• Exercise aim: Leave out any picture and return the remaining listing below exactly as given.

• Source information:
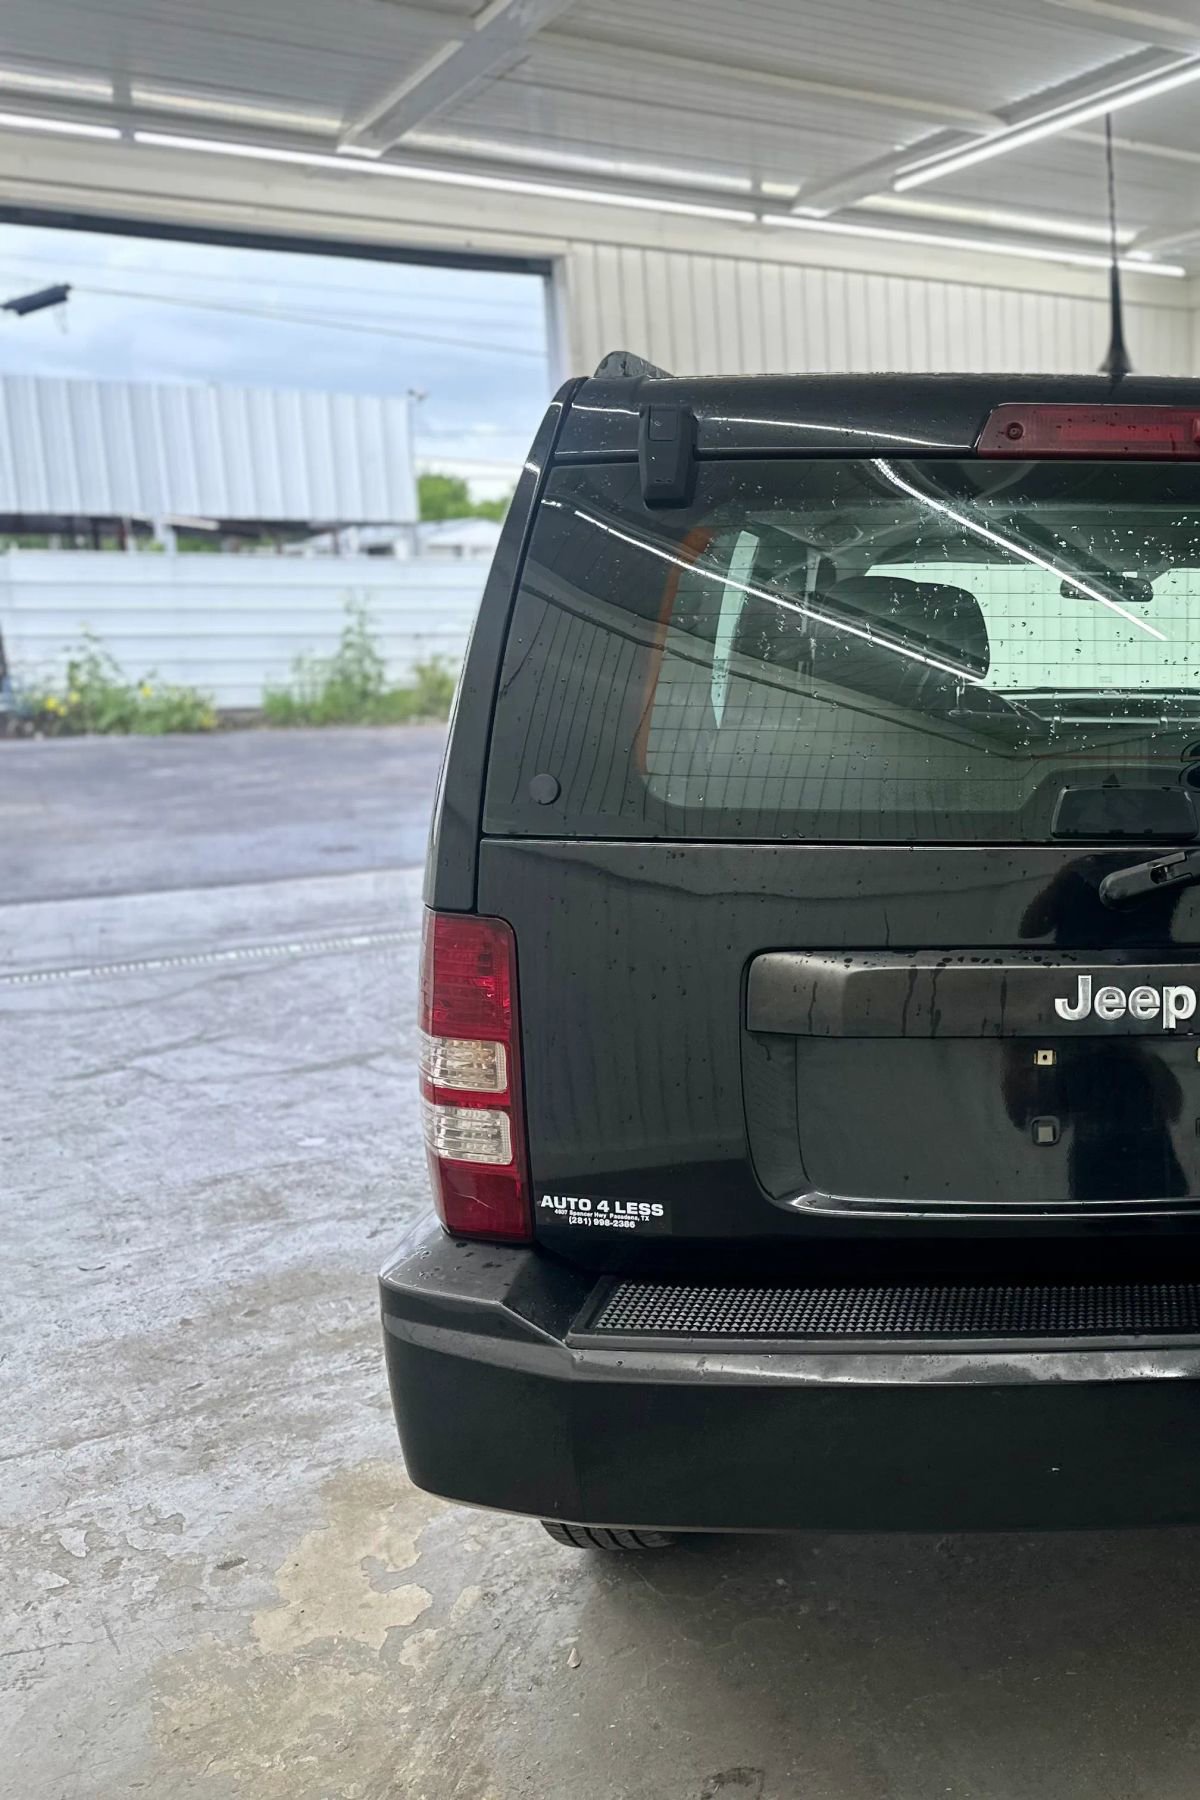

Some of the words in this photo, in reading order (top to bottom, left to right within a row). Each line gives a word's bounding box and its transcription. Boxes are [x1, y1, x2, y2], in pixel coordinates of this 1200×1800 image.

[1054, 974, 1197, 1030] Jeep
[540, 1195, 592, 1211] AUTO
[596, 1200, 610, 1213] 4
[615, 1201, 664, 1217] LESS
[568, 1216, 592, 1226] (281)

• Result of the task:
Some of the words in this photo, in reading order (top to bottom, left to right within a row). Each line gives a word's bounding box and its transcription. Boxes are [x1, y1, x2, y2], in pixel coordinates of this 1200×1800 image.

[1054, 974, 1197, 1030] Jeep
[540, 1195, 592, 1211] AUTO
[596, 1200, 610, 1213] 4
[615, 1201, 664, 1217] LESS
[568, 1216, 592, 1226] (281)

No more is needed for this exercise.